As far as I know (that isn't very far btw), most of the crew of a cargo ship nowadays is needed to care for the machine. And the machine needs that much care because ships burn cheap industrial waste grade heavy oil. If they would burn "clean" oil instead, they could probably already spare more than half of the crew, but a few sailors are cheaper. That wouldn't change in the future.

And I think under maritime law a ship without crew is considered abandoned, and an abandoned ship belongs to the first one who salvages it. Those pirates wouldn't even be pirates if they simply took a robot ship.
 
Pyromancer said:
As far as I know (that isn't very far btw), most of the crew of a cargo ship nowadays is needed to care for the machine. And the machine needs that much care because ships burn cheap industrial waste grade heavy oil. If they would burn "clean" oil instead, they could probably already spare more than half of the crew, but a few sailors are cheaper.

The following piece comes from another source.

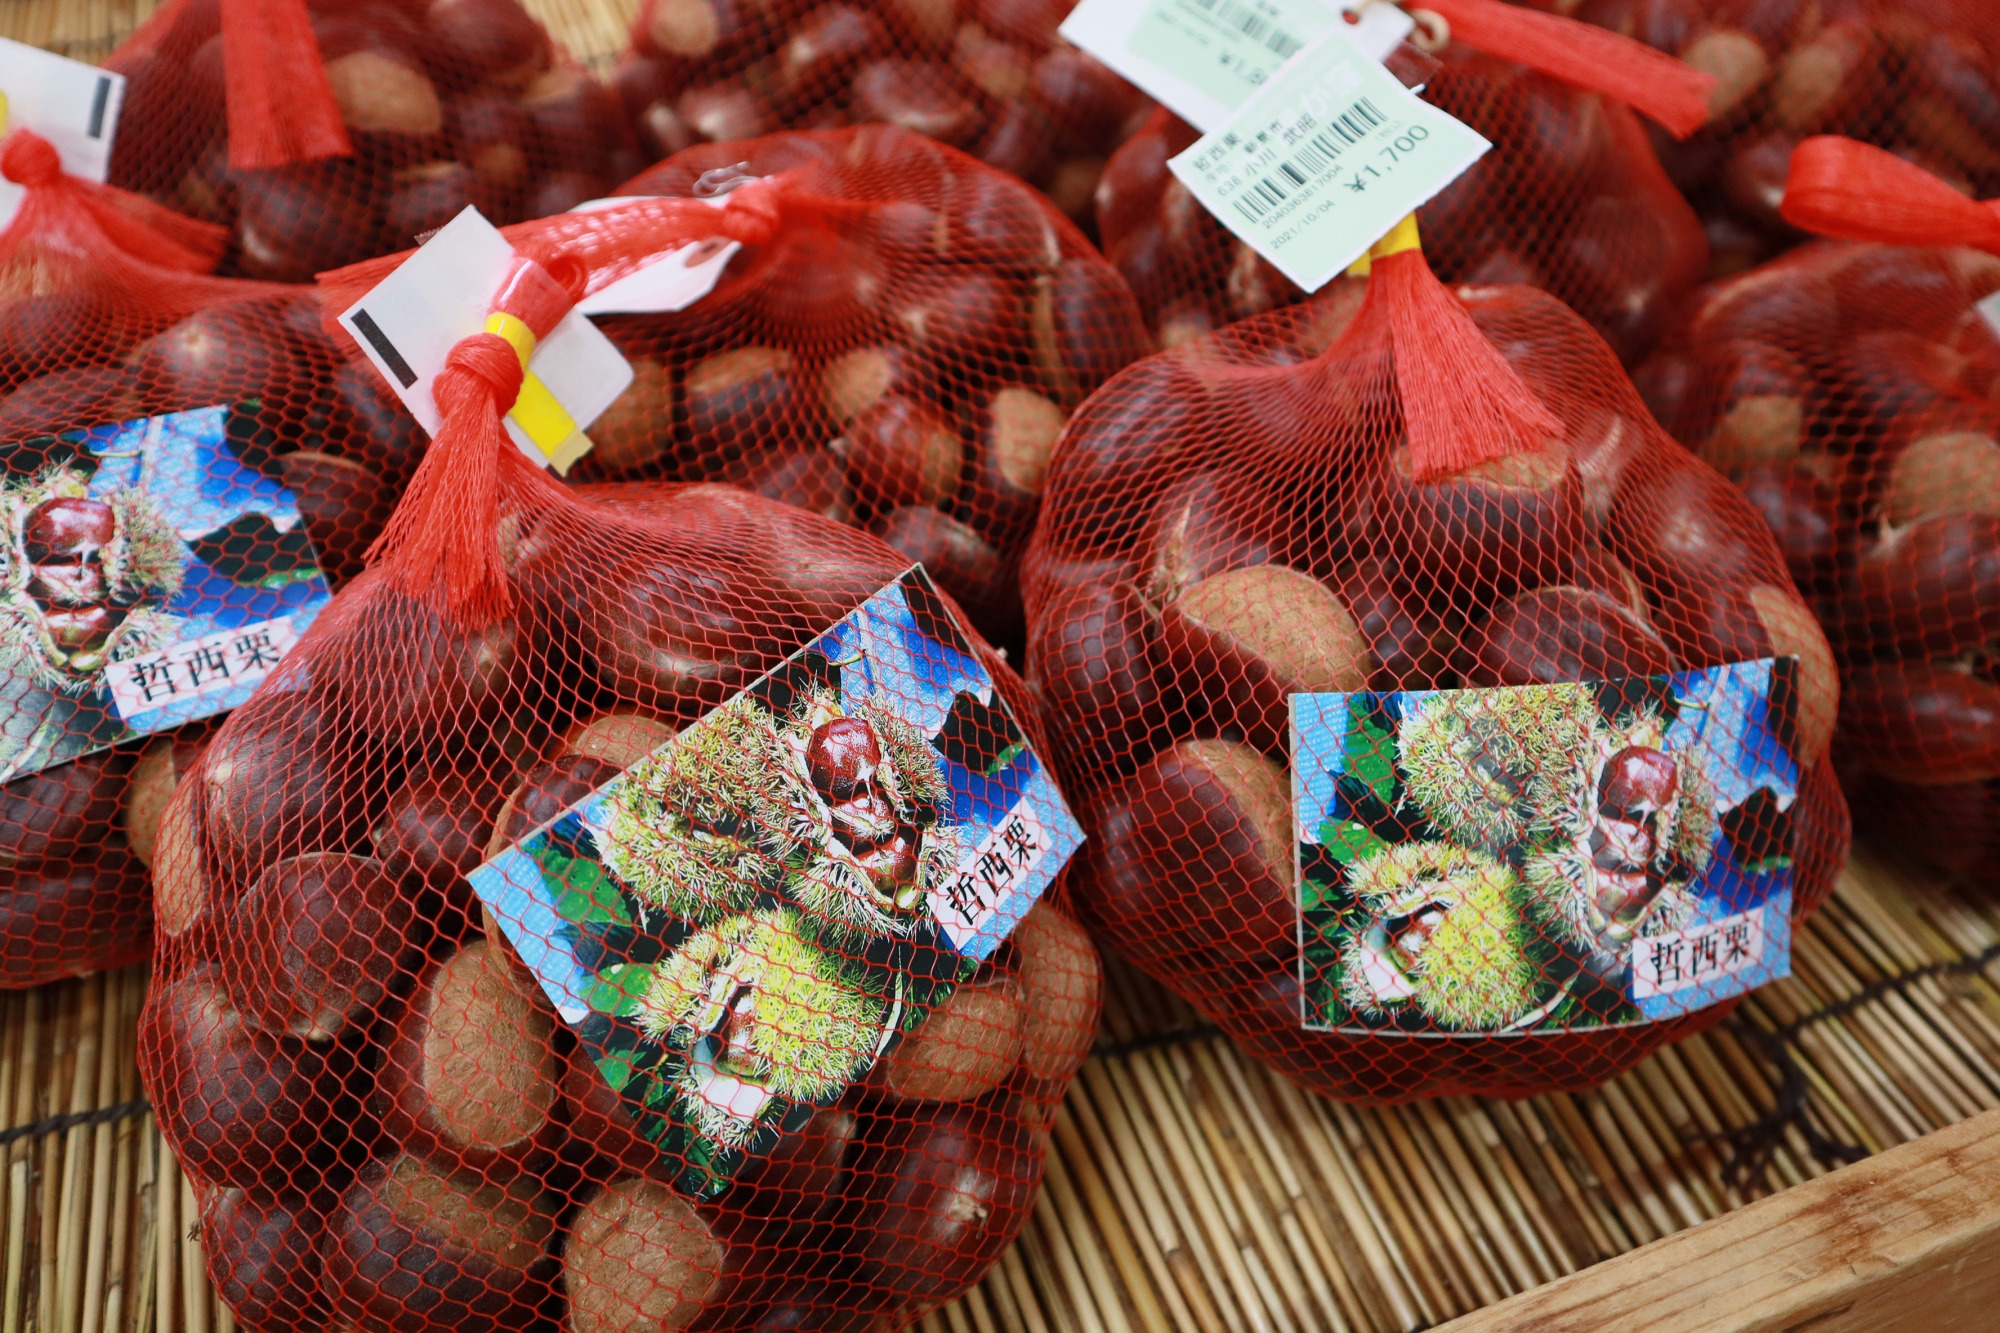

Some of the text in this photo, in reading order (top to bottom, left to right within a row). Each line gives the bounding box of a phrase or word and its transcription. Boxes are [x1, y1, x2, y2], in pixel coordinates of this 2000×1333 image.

Naw, that's not why most of the crew is needed. Who told ya that bald faced lie? They burn bunker oil which kicks out a lot of sulfur. The eco types are going crazy over it. My guess is that some eco nut is spreading that lie about crewing levels and fuel oil.
 
sideranautae said:
Naw, that's not why most of the crew is needed. Who told ya that bald faced lie? They burn bunker oil which kicks out a lot of sulfur. The eco types are going crazy over it. My guess is that some eco nut is spreading that lie about crewing levels and fuel oil.

I heard it a few years ago and it sounded reasonable.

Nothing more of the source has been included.